Communications Protocol

This page describes how the IMAP and SMTP communication is wrapped in HTTP. It is quite straightforward.

1. IMAP

All HTTP requests related to IMAP have a URL that starts "imap/".

IMAP connections are persistent, while HTTP connections are transient. To bridge this gap the http2email proxy keeps IMAP connections open for multiple HTTP connections.

A new IMAP connection is opened by requesting the empty URL "imap/". The proxy associates a unique ID (currently a 64-bit number, represented in hex) with each open IMAP connection. The ID for the new connection is returned in response to this request.

Subsequent requests refer to the connection by appending its ID to the "imap/" URL. The last part of the URL indicates the caracter set that the server should declare in its response.

To send an IMAP command, an HTTP request is made containing the IMAP command in the body. The proxy sends this to the IMAP connection (or queues it for sending) and returns immedately with an empty response.

To obtain the result of an IMAP command, and HTTP request is made to the URL containing the IMAP connection's unique ID with an empty body. If data can be read from the IMAP connection it is returned immediately in the body of the response. If no data can be read, the proxy waits until the IMAP connection becomes readable. There is a timeout (currently 60s) to prevent the browser or anything else from interrupting the waiting request.

It is essential that the browser always has a request waiting for IMAP data. This is for two reasons: first, the IMAP protocol allows the server to send the client data at any time, e.g. to notify it that new messages have arrived, and secondly, the proxy will time out and close the IMAP connection if it is unused for some time (currently 100s).

2. SMTP

SMTP does not have many of the complexities of IMAP, and the protocol is simpler.

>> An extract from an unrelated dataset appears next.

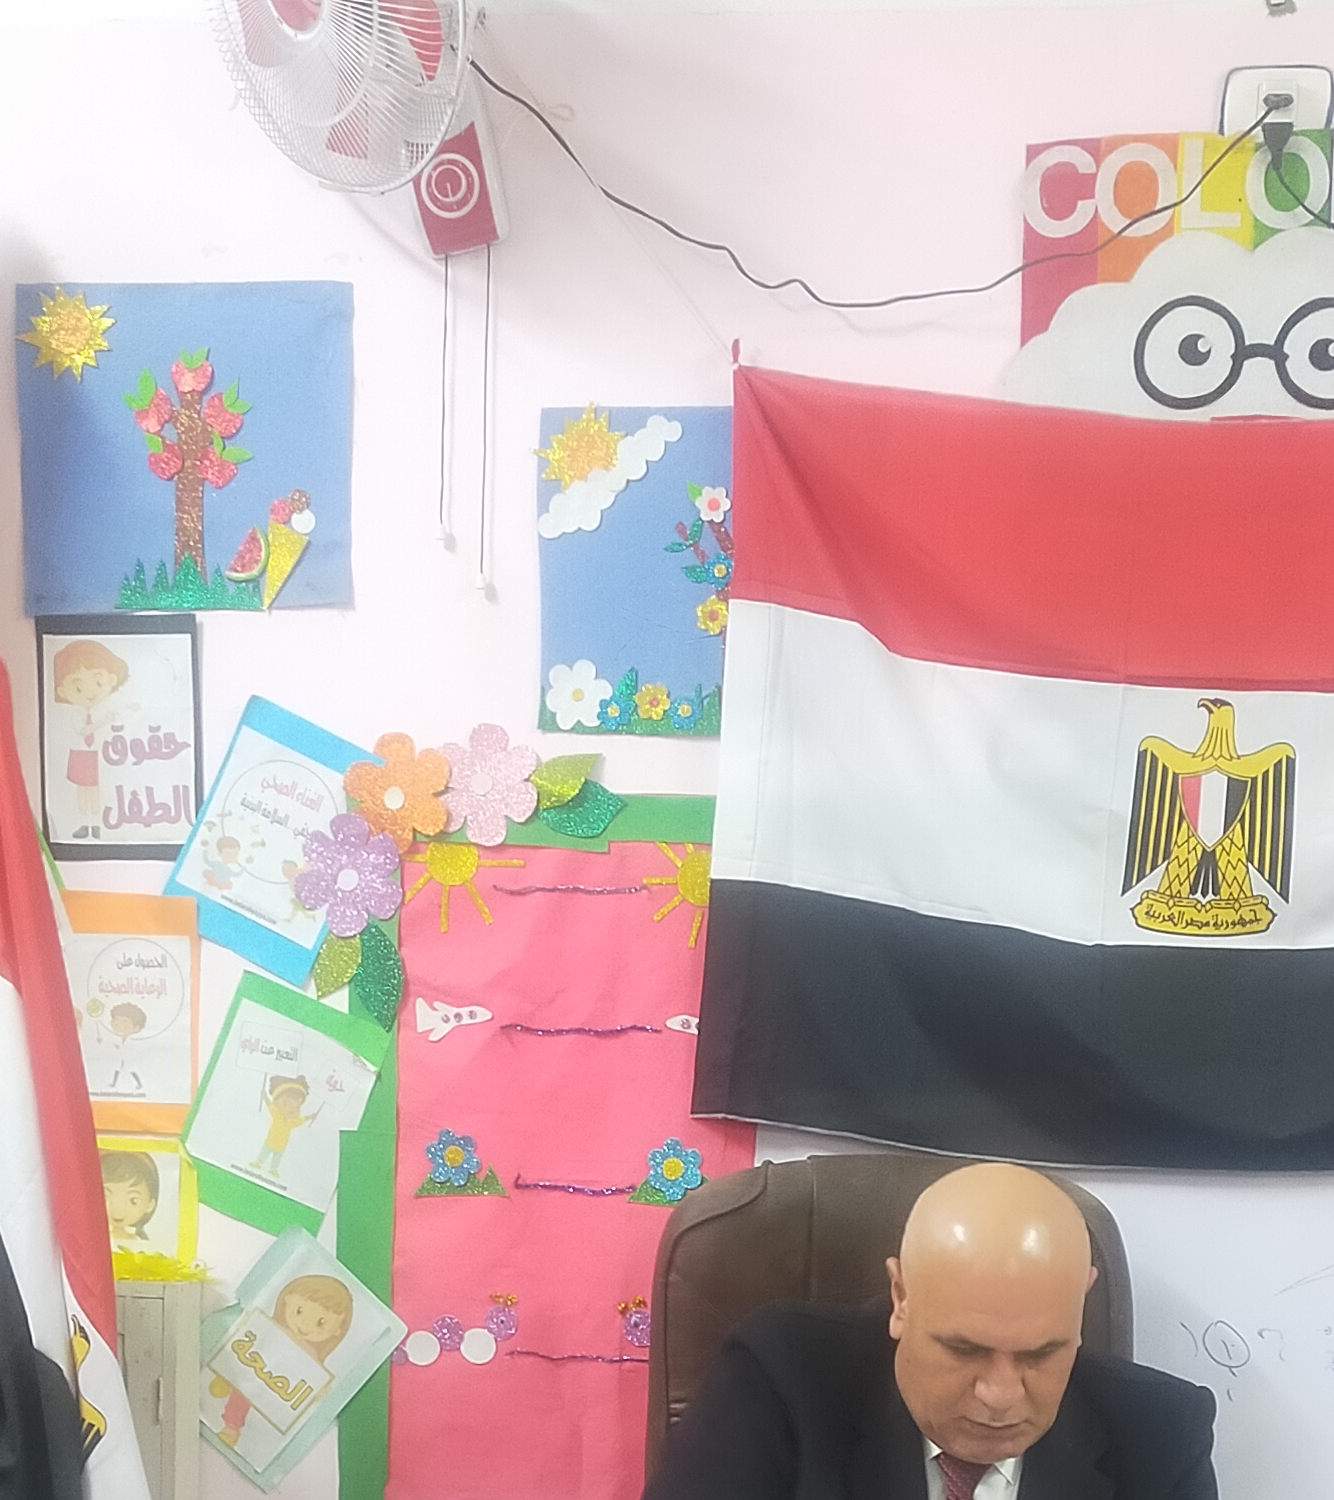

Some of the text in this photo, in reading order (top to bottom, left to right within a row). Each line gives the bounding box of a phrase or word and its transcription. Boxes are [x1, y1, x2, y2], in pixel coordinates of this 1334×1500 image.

The browser prepares a complete "batched" SMTP session, i.e. a series of commands, and sends it in a single request to the "smtp/" URL. The proxy sends this data to the SMTP server one command at a time and checks the response code. It continues as long as it gets positive responses. If it receives an error response it will disconnect immediately. The response sent back to the browser is the series of responses received from the SMTP server.